***** The data *****

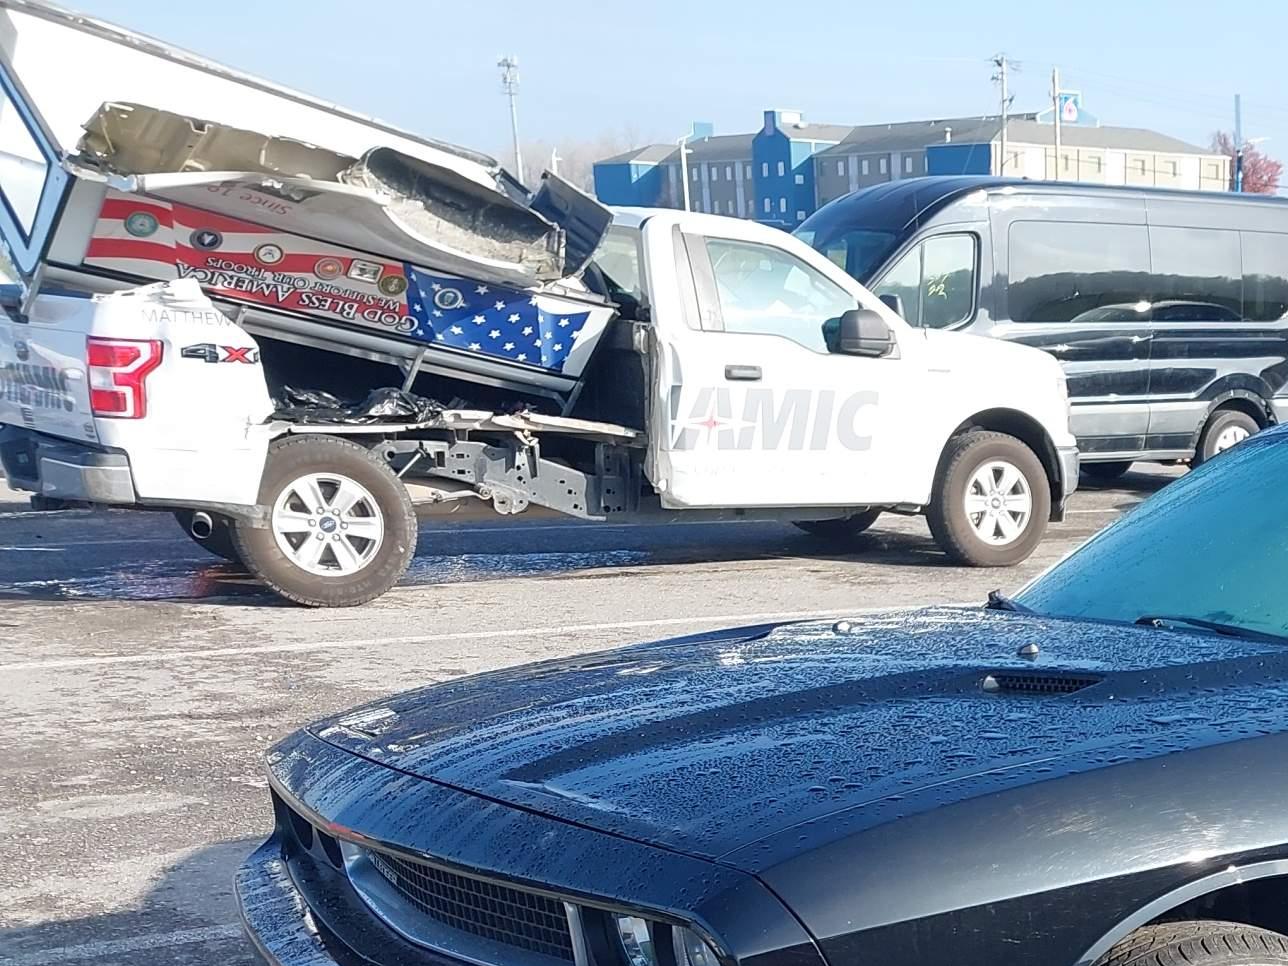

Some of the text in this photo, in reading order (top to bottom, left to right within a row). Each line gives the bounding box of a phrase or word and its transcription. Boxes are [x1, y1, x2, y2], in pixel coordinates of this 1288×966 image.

[176, 262, 419, 333] GOD BLESS AMERICA
[206, 256, 401, 312] WE SUPPORT OUR TROOPS
[181, 343, 259, 364] 4X
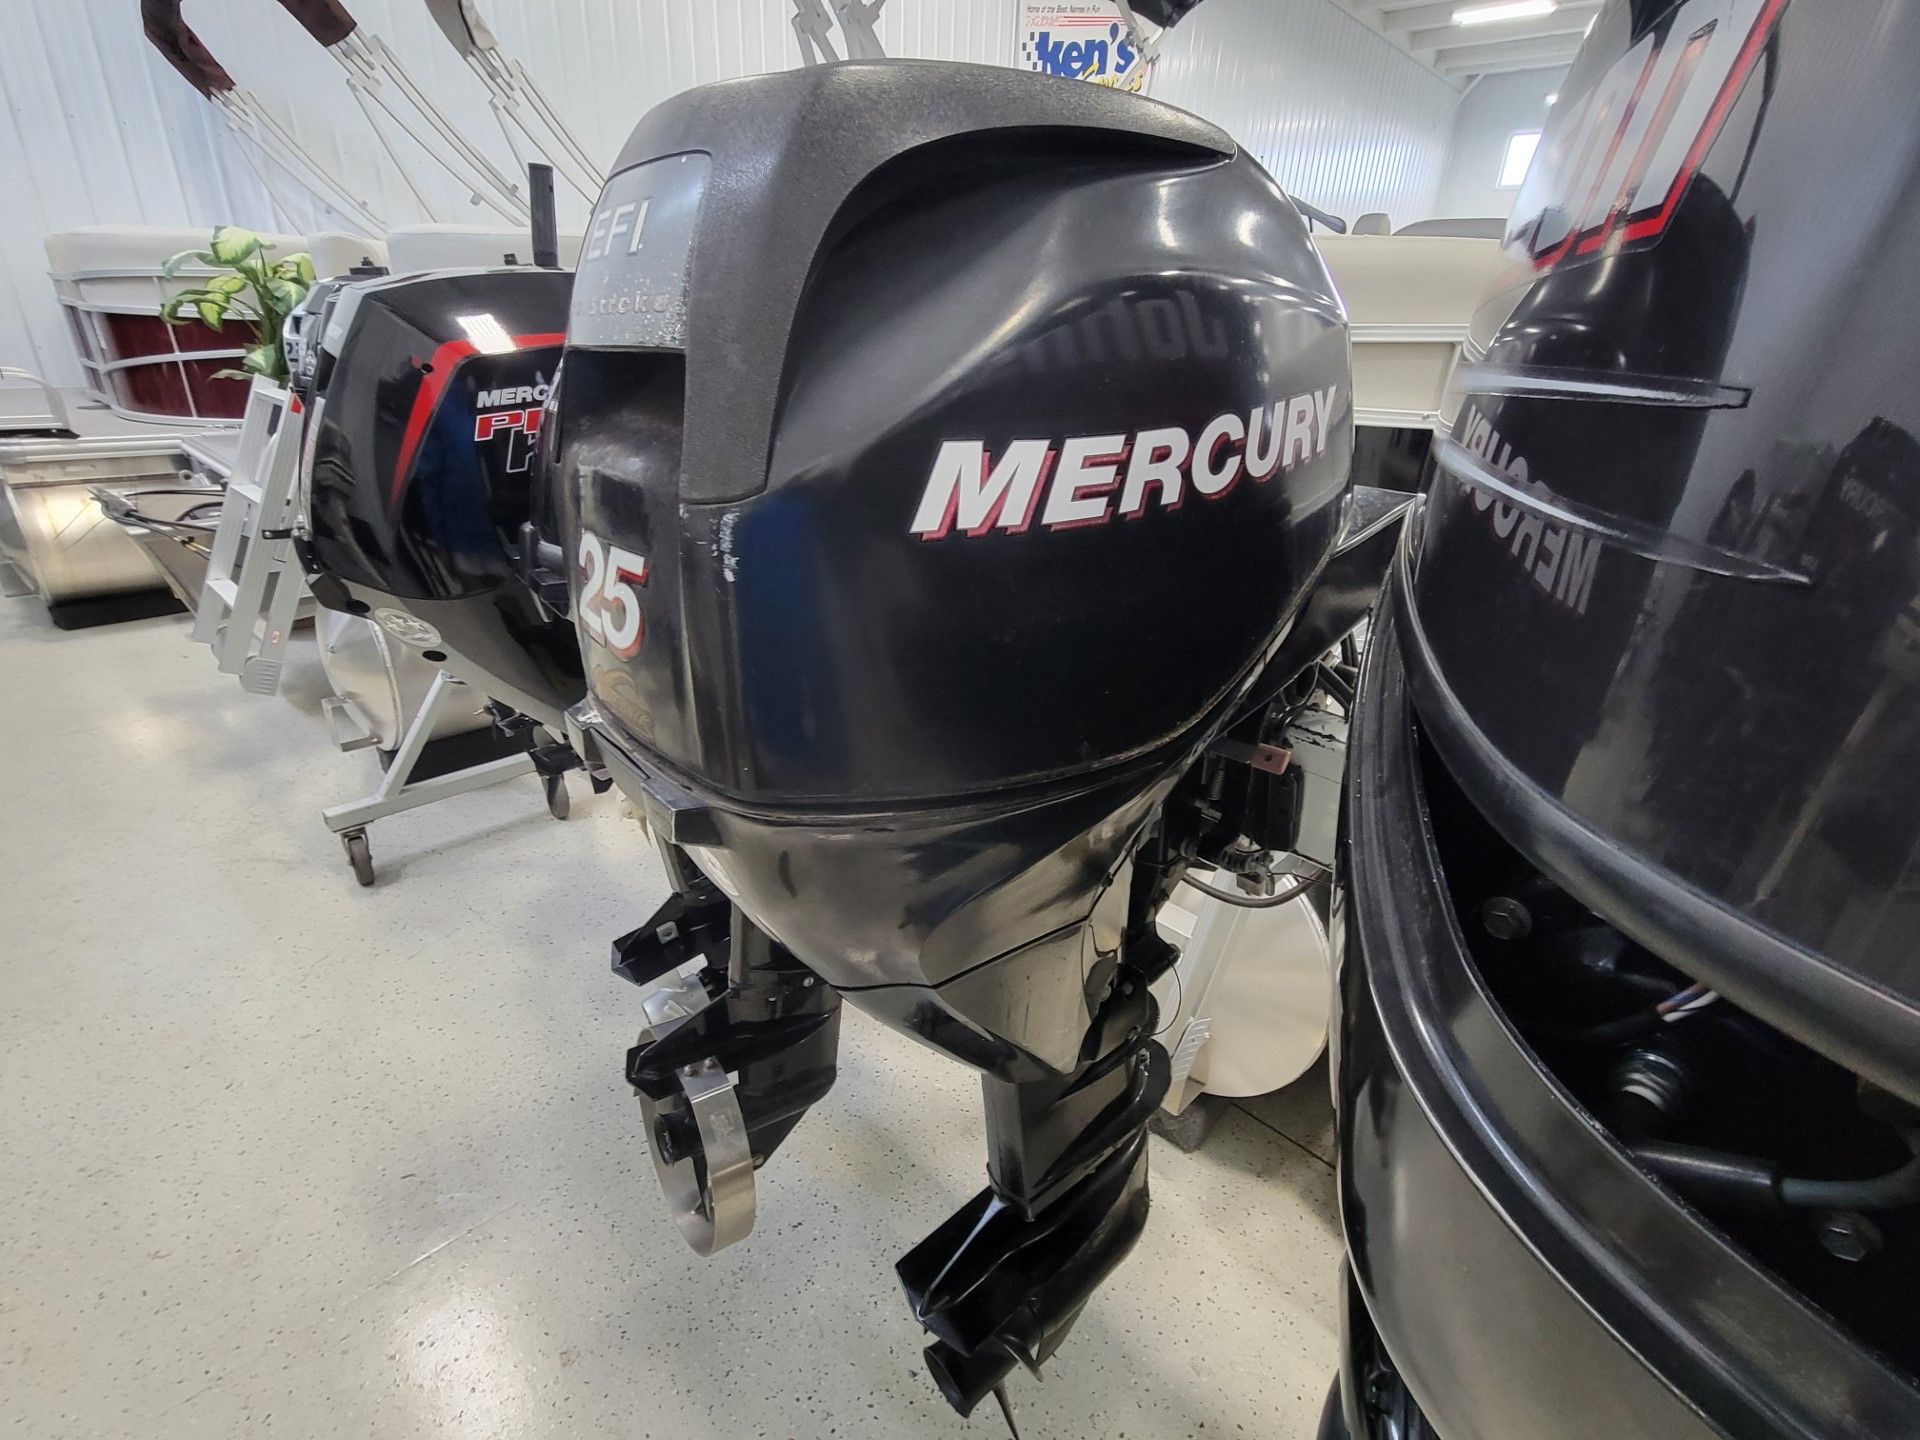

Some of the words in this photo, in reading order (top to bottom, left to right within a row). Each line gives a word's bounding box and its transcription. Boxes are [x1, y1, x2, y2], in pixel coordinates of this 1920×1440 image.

[586, 198, 650, 261] EFI
[908, 385, 1337, 541] MERCURY
[578, 530, 649, 662] 25
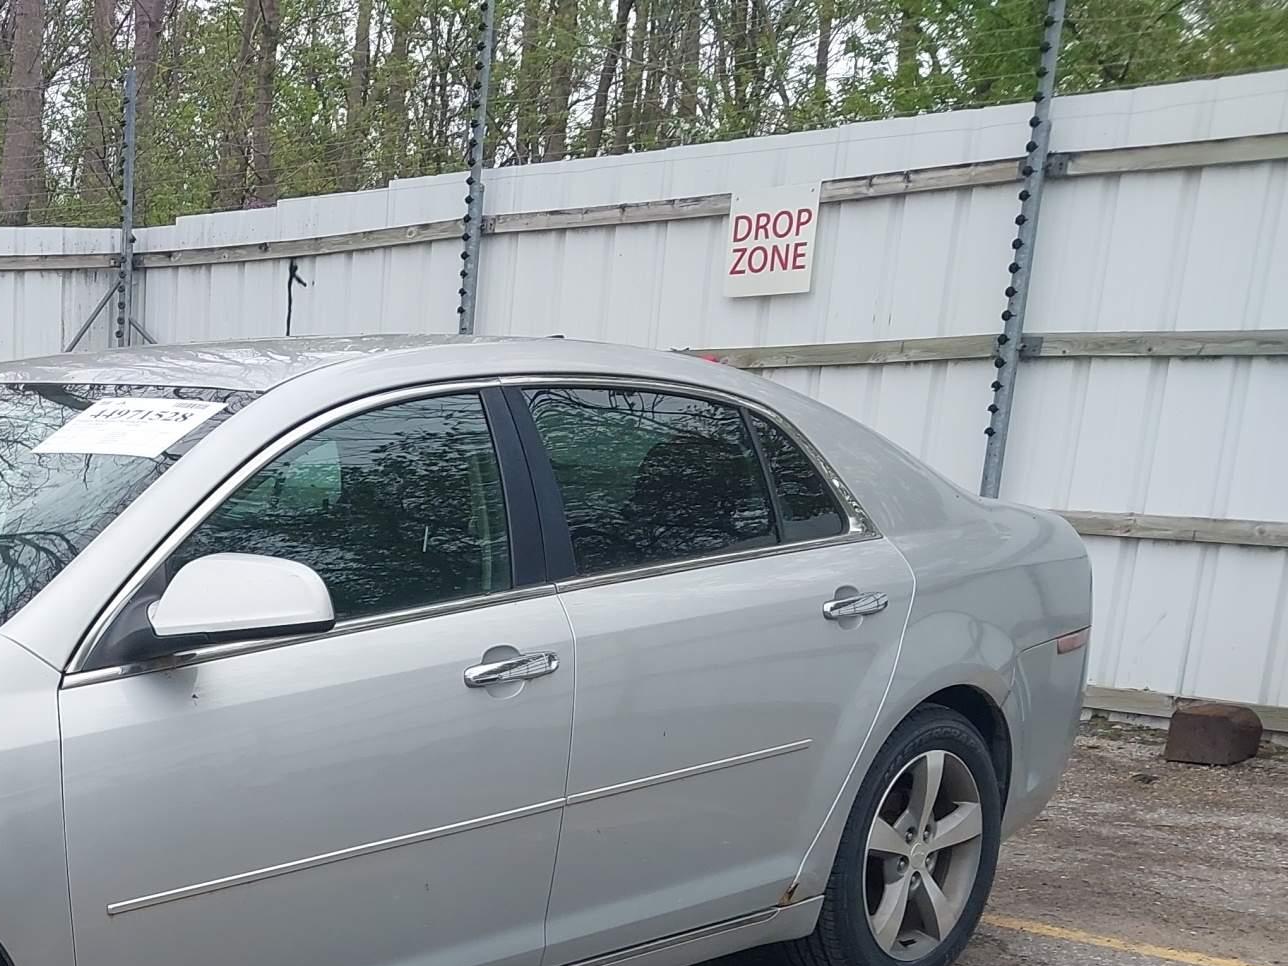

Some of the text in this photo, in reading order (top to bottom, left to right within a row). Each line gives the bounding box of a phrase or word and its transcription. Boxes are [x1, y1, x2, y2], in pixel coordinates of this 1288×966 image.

[732, 208, 813, 243] DROP
[729, 242, 808, 275] ZONE
[89, 408, 195, 423] 44971528

*****

== Brief ==
Write the material out again exactly as it appears, dropping the pictures.

== Written solution ==
Some of the text in this photo, in reading order (top to bottom, left to right within a row). Each line gives the bounding box of a phrase or word and its transcription. Boxes are [x1, y1, x2, y2], in pixel coordinates of this 1288×966 image.

[176, 262, 419, 333] GOD BLESS AMERICA
[206, 256, 401, 312] WE SUPPORT OUR TROOPS
[181, 343, 259, 364] 4X

Some of the words in this photo, in reading order (top to bottom, left to right within a row). Each line gives a word's bounding box and its transcription. Boxes are [x1, y1, x2, y2], in pixel coordinates of this 1920×1440 image.

[586, 198, 650, 261] EFI
[908, 385, 1337, 541] MERCURY
[578, 530, 649, 662] 25

Some of the text in this photo, in reading order (top to bottom, left to right within a row). Each line gives the bounding box of a phrase or word and its transcription. Boxes are [x1, y1, x2, y2], in pixel coordinates of this 1288×966 image.

[732, 208, 813, 243] DROP
[729, 242, 808, 275] ZONE
[89, 408, 195, 423] 44971528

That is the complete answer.